##### INPUT DATA #####

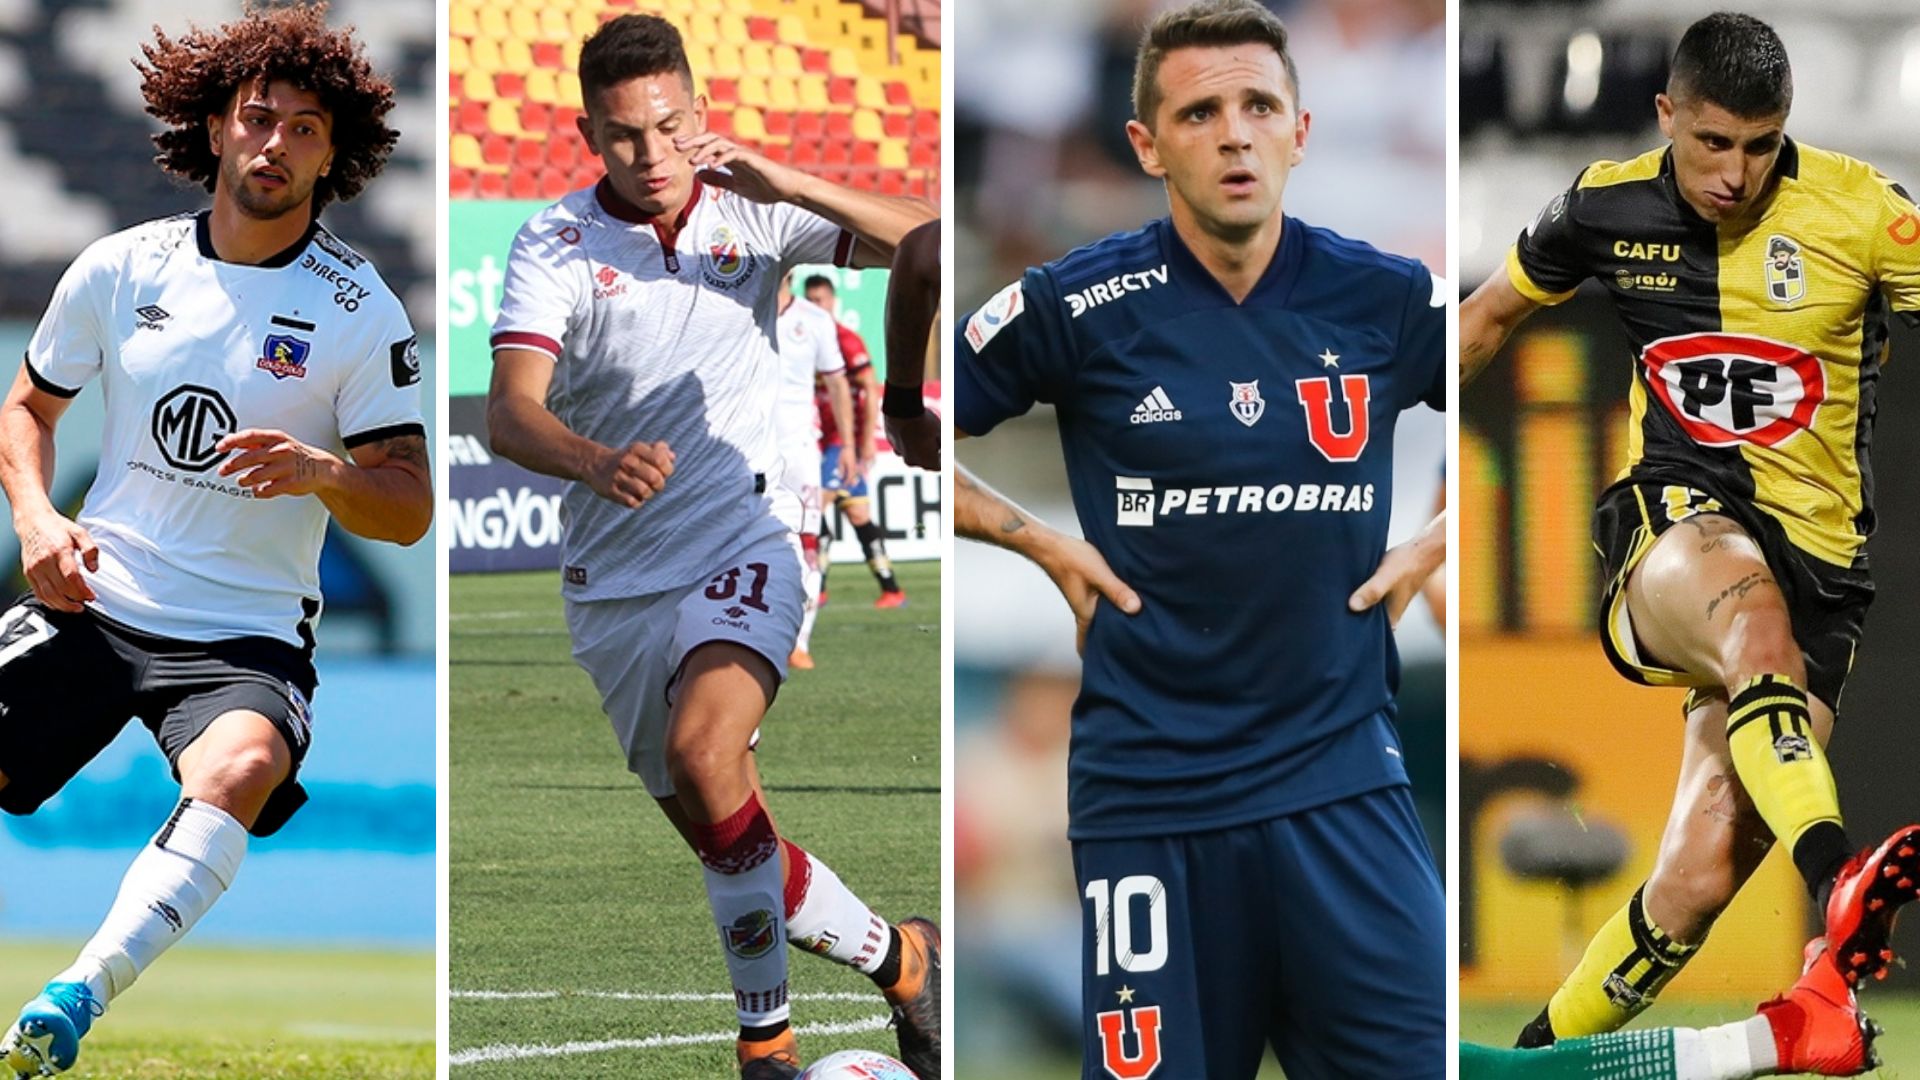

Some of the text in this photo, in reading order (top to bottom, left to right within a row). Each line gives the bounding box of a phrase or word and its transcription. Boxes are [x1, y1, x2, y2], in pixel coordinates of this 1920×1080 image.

[1613, 240, 1681, 262] CAFU
[301, 254, 371, 300] DIRECTV
[1063, 264, 1168, 319] DIRECTV
[334, 291, 359, 313] GO
[1130, 408, 1183, 425] adidas
[1675, 358, 1778, 431] PF
[161, 395, 226, 462] MG
[1294, 374, 1371, 463] U
[182, 478, 253, 499] GARAGE
[1121, 483, 1375, 515] BR PETROBRAS
[712, 616, 751, 632] Onefit
[1085, 874, 1168, 976] 10
[1096, 1005, 1162, 1080] U

#####

§ THE TASK
Transcribe all the lines above exactly, apart from the pictures.

§ EXERCISE ANSWER
Some of the text in this photo, in reading order (top to bottom, left to right within a row). Each line gives the bounding box of a phrase or word and its transcription. Boxes are [x1, y1, x2, y2], in pixel coordinates of this 1920×1080 image.

[1613, 240, 1681, 262] CAFU
[301, 254, 371, 300] DIRECTV
[1063, 264, 1168, 319] DIRECTV
[334, 291, 359, 313] GO
[1130, 408, 1183, 425] adidas
[1675, 358, 1778, 431] PF
[161, 395, 226, 462] MG
[1294, 374, 1371, 463] U
[182, 478, 253, 499] GARAGE
[1121, 483, 1375, 515] BR PETROBRAS
[712, 616, 751, 632] Onefit
[1085, 874, 1168, 976] 10
[1096, 1005, 1162, 1080] U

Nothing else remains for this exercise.